What’s the Difference between a Living Will and a DNR?

Clients occasionally ask about “DNRs” and whether we prepared them as part of the estate plan during our consultations.  We do not, but we do prepare living wills.[i] A living will and a Do Not Resuscitate Order, known as a DNR, are very different documents. However, many people confuse the two. They both address end of life issues and are used in different settings, according to the article “One Senior Place: Know the difference between ‘living will’ and ‘do not resuscitate’” from Florida Today.

As a quick aside, many states articulate medical decision making differently, and that comes out in estate planning.  For example, some states have advanced care directives with more exhaustive instructions, others are very simplistic.  For this blog’s purposes, I’m focusing on living will versus DNR.

What is a Living Will?

A living will is a statement describing a person’s wishes about receiving life-sustaining medical treatment in case of a terminal illness or irreversible if the condition is incurable. It is used when you can’t speak for yourself and gives guidance to a decision-maker who will act on your behalf.  This includes choices such as whether to continue the use of artificial respiration, feeding or hydration tubes or other artificial means to prolong life.

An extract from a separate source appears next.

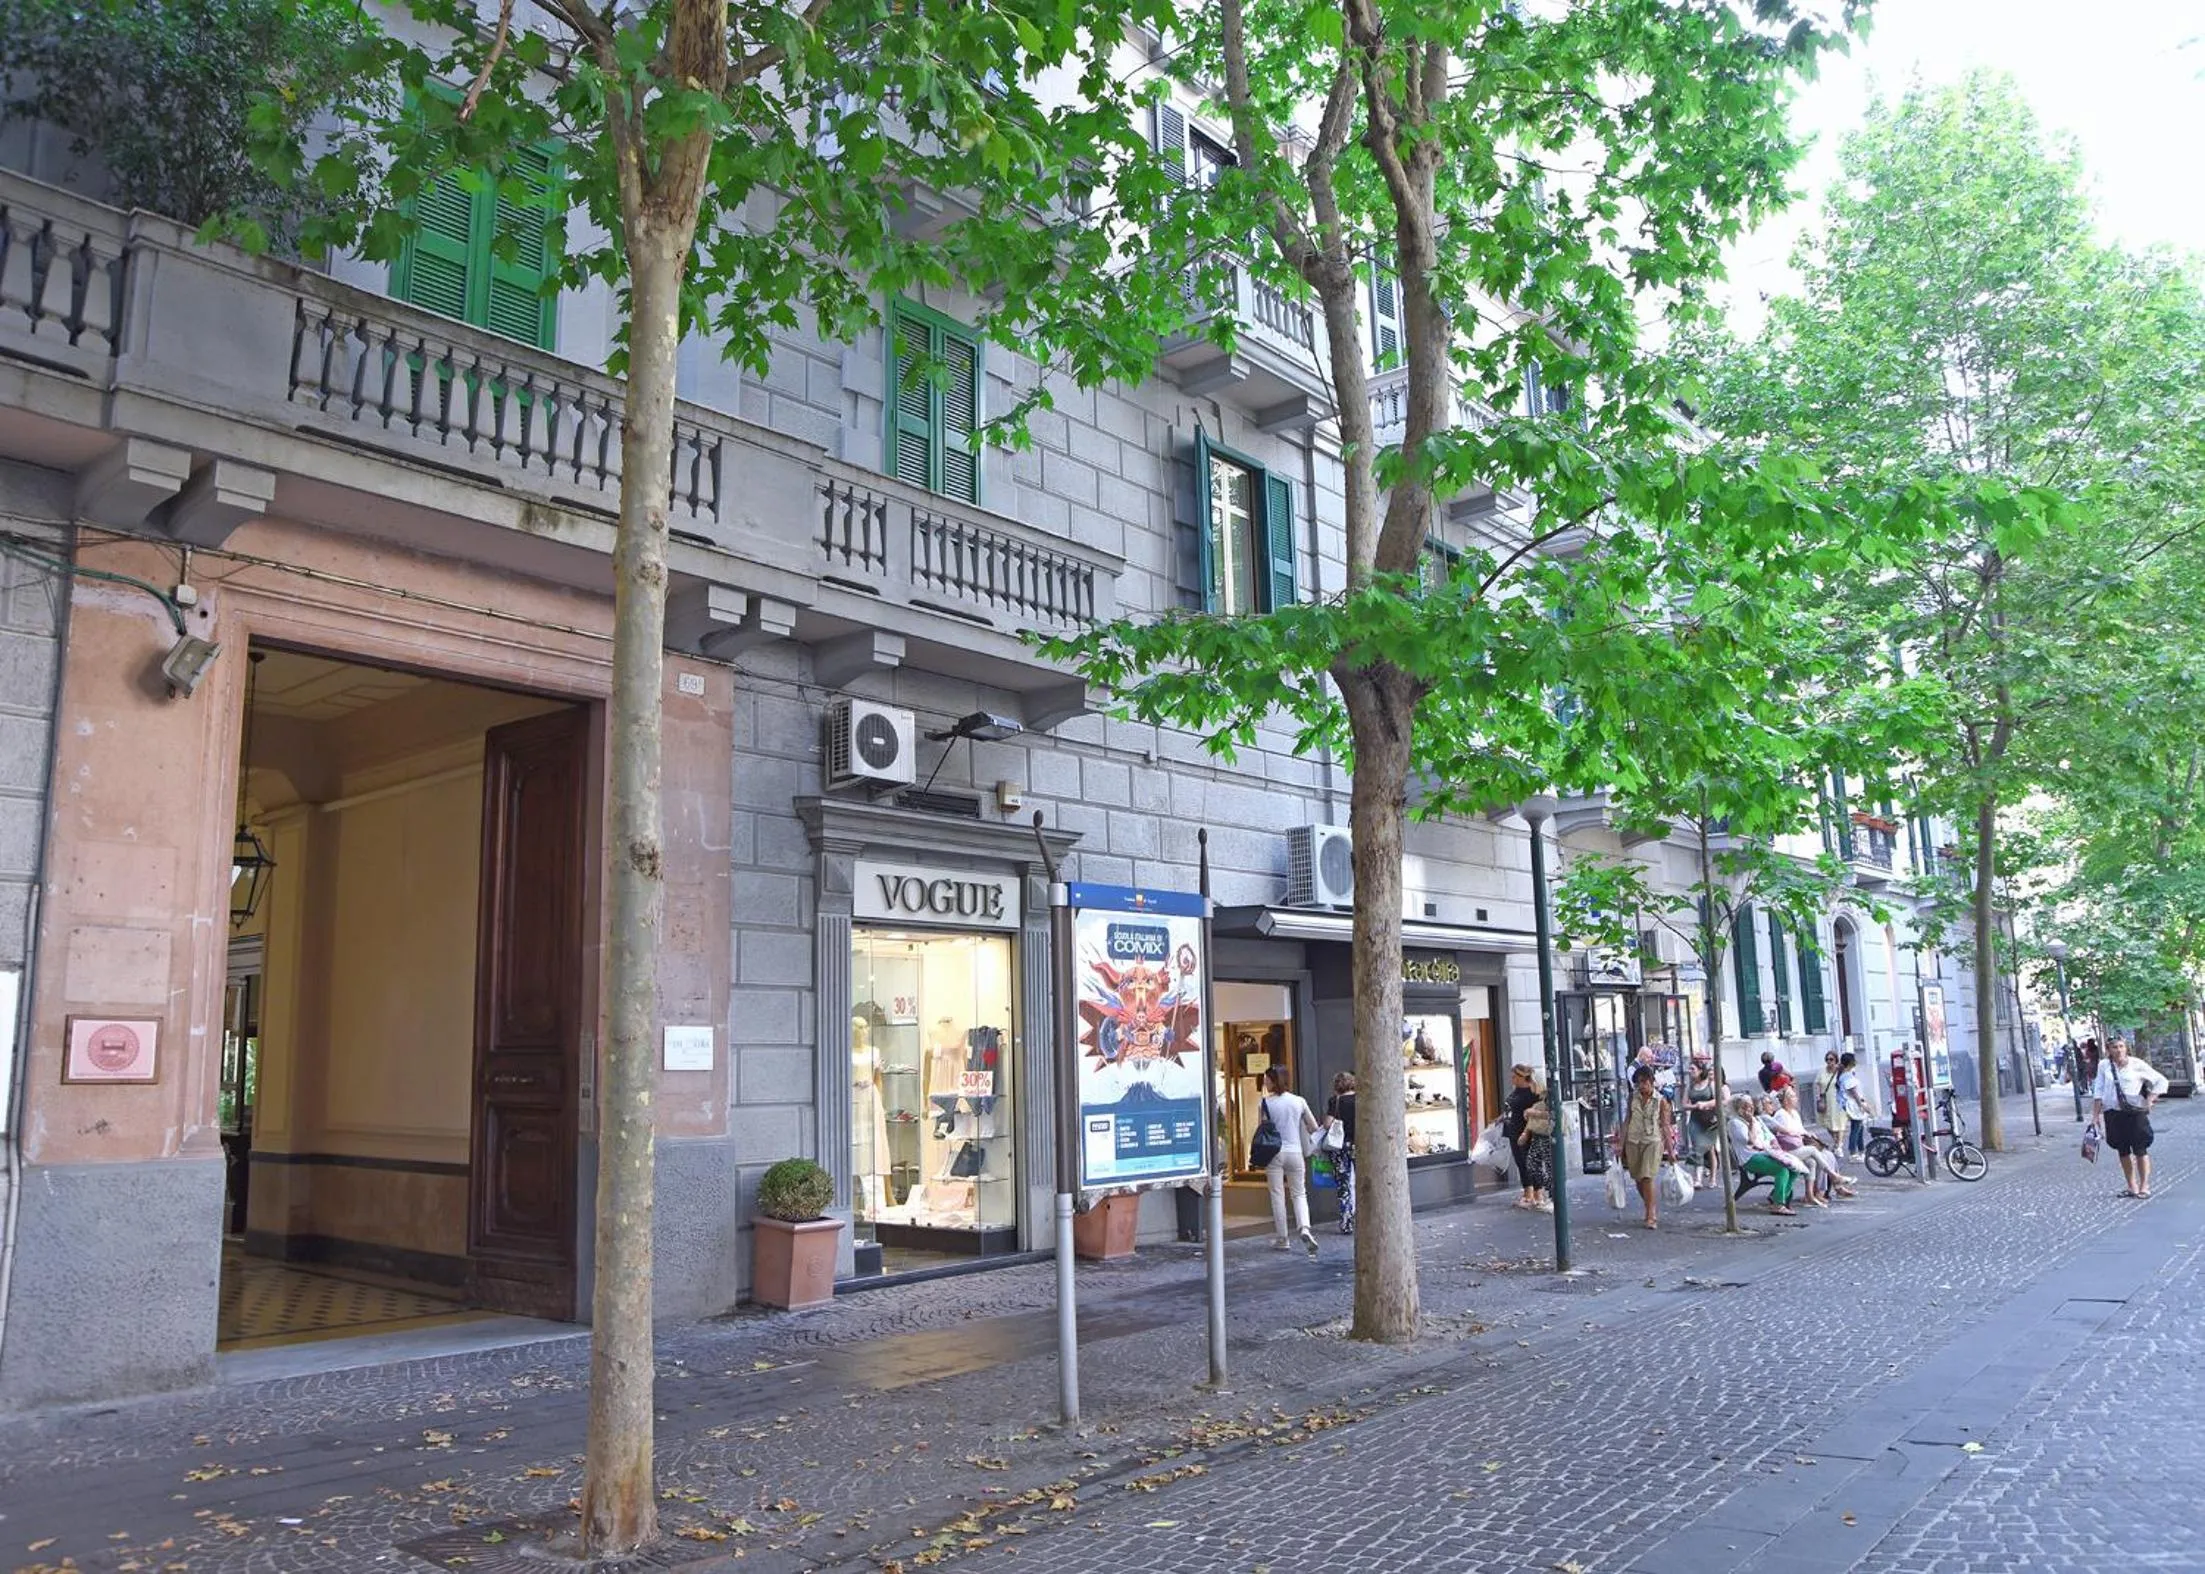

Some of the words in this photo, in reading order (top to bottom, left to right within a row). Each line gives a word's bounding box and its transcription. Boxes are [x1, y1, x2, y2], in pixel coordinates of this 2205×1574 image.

[876, 873, 1005, 920] VOGUE
[1113, 940, 1163, 954] COMIX
[961, 1071, 991, 1088] 30%

The living will is used to make your wishes clear to loved ones and to physicians. It is prepared by an estate planning or elder law attorney, often when having an estate plan created or updated. It will be used if and when the situation arises.

What is a DNR?

A DNR is a medical directive used to convey wishes to not be resuscitated in the event of respiratory or cardiac arrest. This document needs to be signed by both the patient and their physician. It’s often printed on brightly colored paper, so it can be easily found in an emergency.

To draw the distinction a little more clearly, the living will comes into play when the doctors have done what they can and nothing else is expected to help (the terminal condition) in which case your wishes are follow, and the DNR is a request not to try and resuscitate.  Most people if they are in my office want the living will, not the DNR.

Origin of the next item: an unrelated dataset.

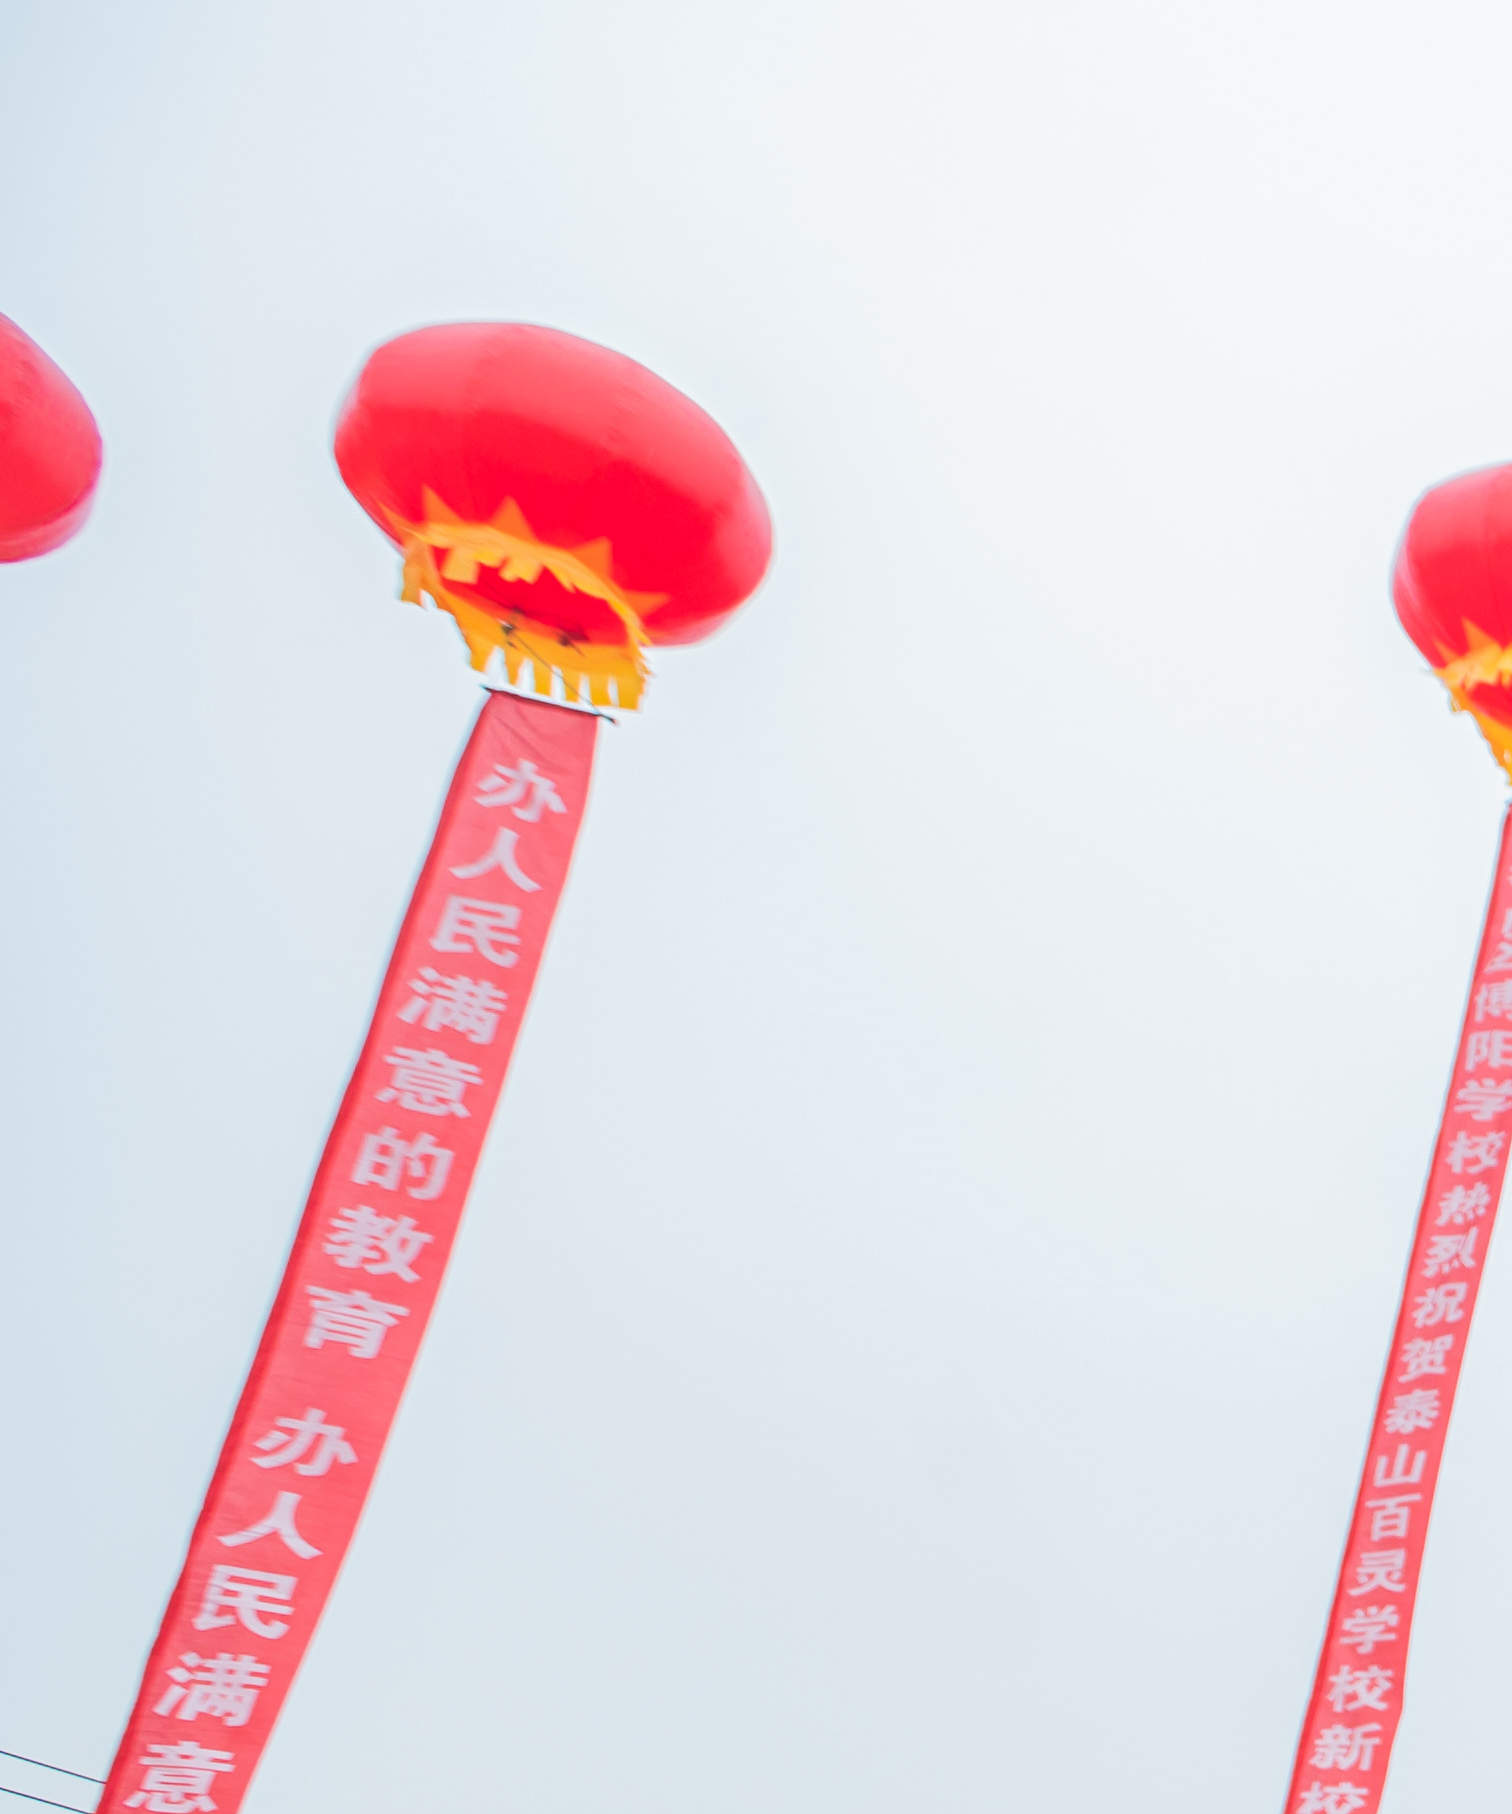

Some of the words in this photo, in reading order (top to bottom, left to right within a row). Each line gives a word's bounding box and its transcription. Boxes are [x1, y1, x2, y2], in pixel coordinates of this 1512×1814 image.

[303, 758, 567, 1359] 办人民满意的教育

The DNR should be placed in a location where it can be easily and quickly found. In nursing homes, this is typically at the head or foot of the bed. At home, it’s often posted on the refrigerator.  It is also often used in hospital settings.  The DNR needs to be immediately available to ensure that the patient’s last wishes are honored.

When the DNR is in effect and easily found, the emergency responders will not initiate CPR if they find the patient in cardiopulmonary arrest or respiratory arrest. They may instead provide comfort care, including administering oxygen and pain management.  To be clearer, a DNR doesn’t mean doctors won’t treat you, but it means they won’t resuscitate in the event of arrest.

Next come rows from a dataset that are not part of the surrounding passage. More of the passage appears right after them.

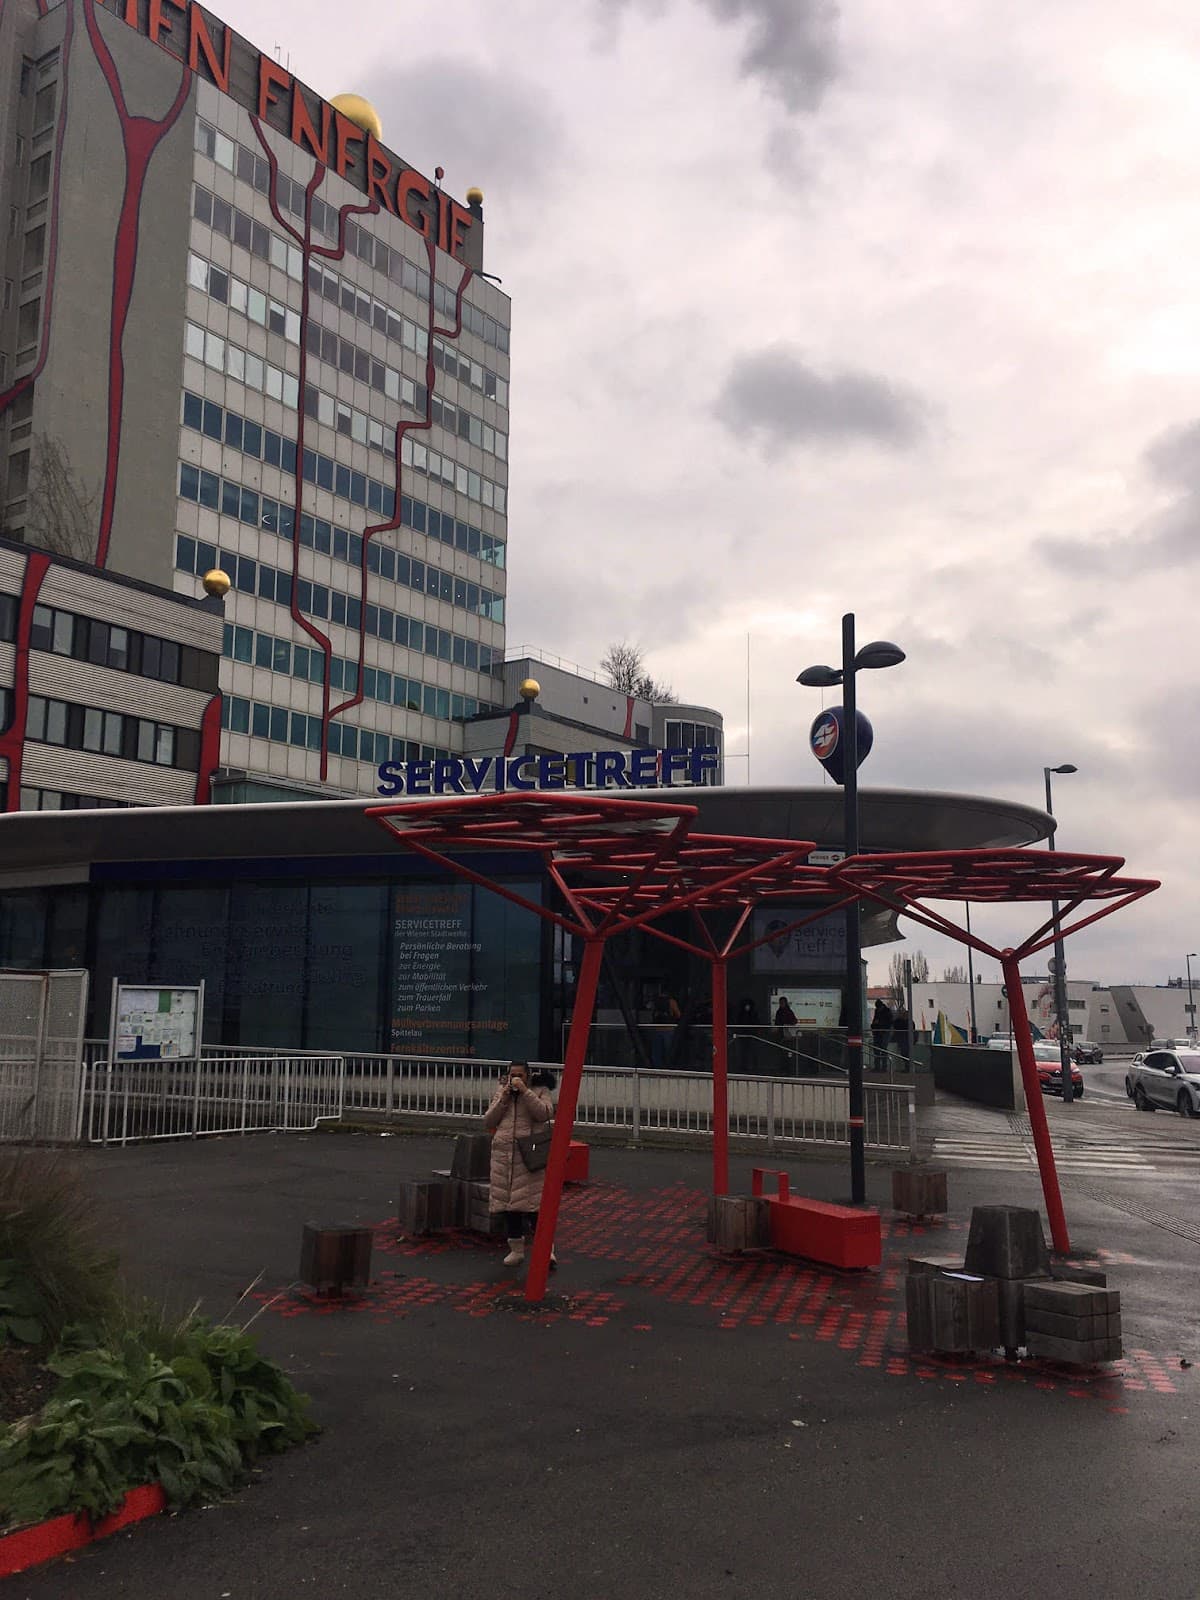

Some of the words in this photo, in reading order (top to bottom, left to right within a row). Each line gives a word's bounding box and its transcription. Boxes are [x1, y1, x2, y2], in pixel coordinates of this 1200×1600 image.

[257, 54, 472, 259] ENERGIE
[377, 744, 719, 795] SERVICETREFF
[394, 919, 463, 929] SERVICETREFF
[399, 942, 445, 950] Persönliche
[446, 943, 482, 952] Beratung
[400, 951, 412, 959] bei
[413, 952, 439, 961] Fragen
[414, 993, 451, 1002] Trauerfall
[415, 1003, 441, 1011] Parken
[391, 1029, 422, 1038] Spittelau

If a person is admitted to the hospital, their living will is placed on the chart so that it can be followed appropriately. Once a clinical determination of a terminal and irreversible condition has been made, the terms of the living will are followed.

As one more final point, clients sometimes confuse the medical power of attorney and living will.  Mary did an excellent blog cover the basics of each, their differences, and why having both is beneficial. You can find that here:


Reference: Florida Today (July 19, 2022) “One Senior Place: Know the difference between ‘living will’ and ‘do not resuscitate’”

[i] In Texas, we use a “Directive to Physicians.”  This is largely analogous to living wills in other jurisdictions.  Since I’m writing online and to more than just a Texas audience, I’ll use the more generic term of living will.